Thank you for your continued support. I look forward to your insights on the burst pattern and the sources of latency in the inference branch.

I don’t understand what you’re talking about. Without nvinfer providing a bbox, what can you do with nvtracker?

In fast-moving scenes, the SEI of the attached bounding box will differ significantly from that of the current frame, rendering it unusable.

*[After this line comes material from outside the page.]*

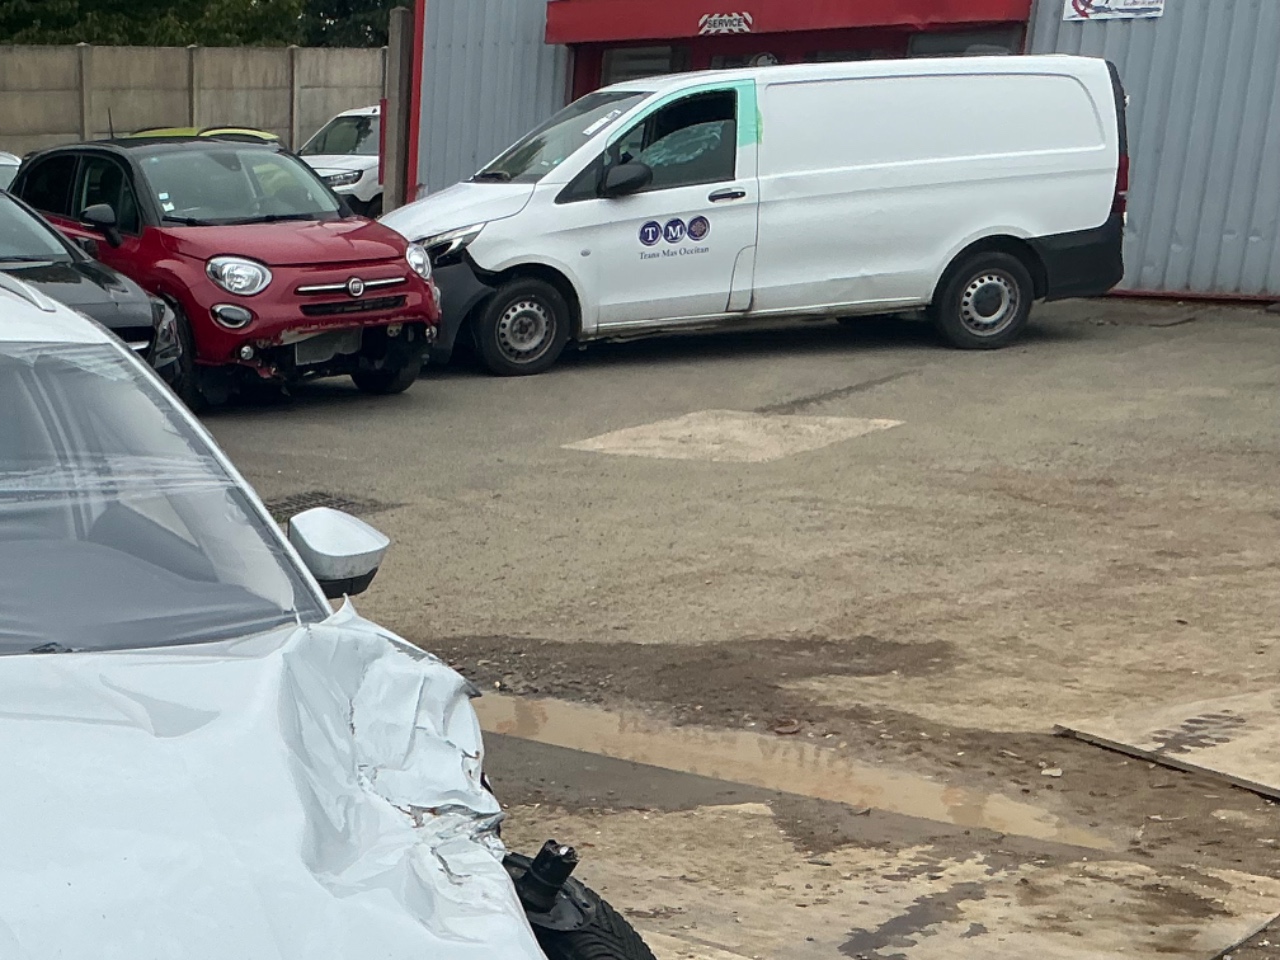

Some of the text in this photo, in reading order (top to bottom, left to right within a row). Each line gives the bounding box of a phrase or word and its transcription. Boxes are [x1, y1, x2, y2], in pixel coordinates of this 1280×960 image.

[707, 18, 743, 28] SERVICE
[639, 246, 709, 260] Trans Mas Occitan
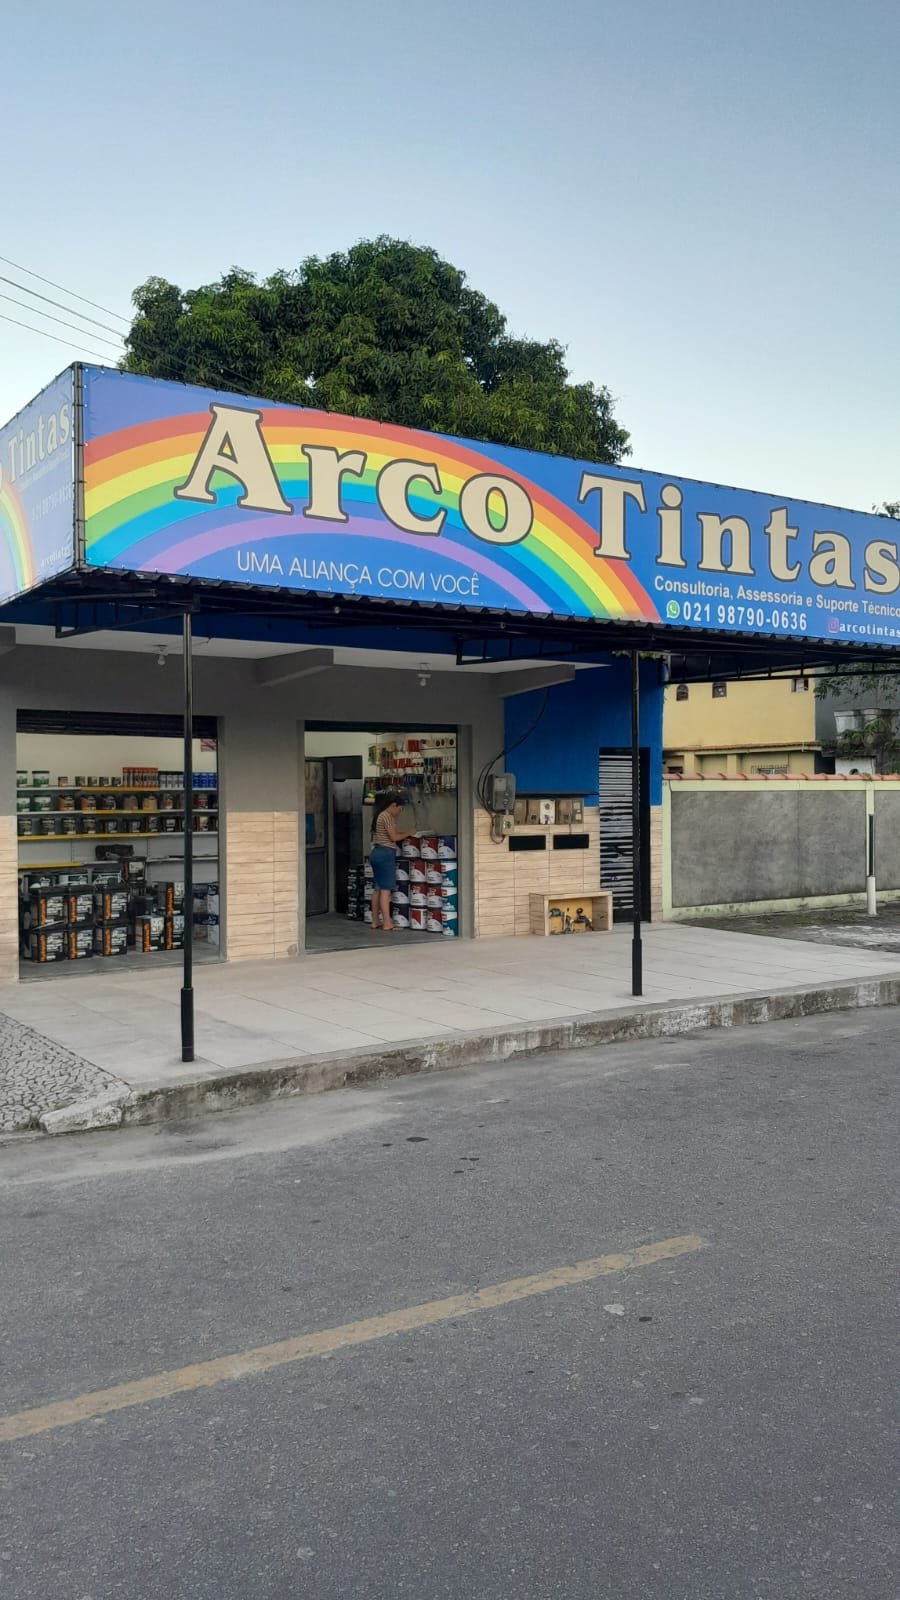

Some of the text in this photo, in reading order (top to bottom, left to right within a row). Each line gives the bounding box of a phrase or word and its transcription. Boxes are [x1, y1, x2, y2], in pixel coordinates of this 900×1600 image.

The bottleneck of the pipeline is the slowest element. I assume this is the inference model. If the interval is 10, and Nvinfer takes 70ms to infer one frame, then there will be a spike every 10 frames. This requires you to optimize the model, such as using int8 values ​​or pruning. Reduce inference time to within 1/fps interval.

Please measure the delay first, instead of guessing.

Hi,junshengy:

After investigation, our algorithm team found that nvtracker is more flexible and easier to adapt to our business requirements compared to nvinfer. Specifically:

  • nvtracker supports custom low-level tracker libraries (e.g., ByteTrack, DeepSORT), allowing us to integrate our own detection and tracking logic directly into the tracker plugin.
  • nvtracker can still provide object class IDs and bounding box coordinates through the NvDsObjectMeta structure, which meets our needs for detection result extraction.
  • The ll-lib-file and ll-config-file properties enable us to load custom tracker implementations that perform both detection and tracking in a single step, eliminating the dependency on nvinfer.

In our use case, the low-level tracker library we integrated performs object detection internally and outputs class_id, confidence, and rect_params just like nvinfer would. Therefore, nvtracker alone is sufficient for our pipeline.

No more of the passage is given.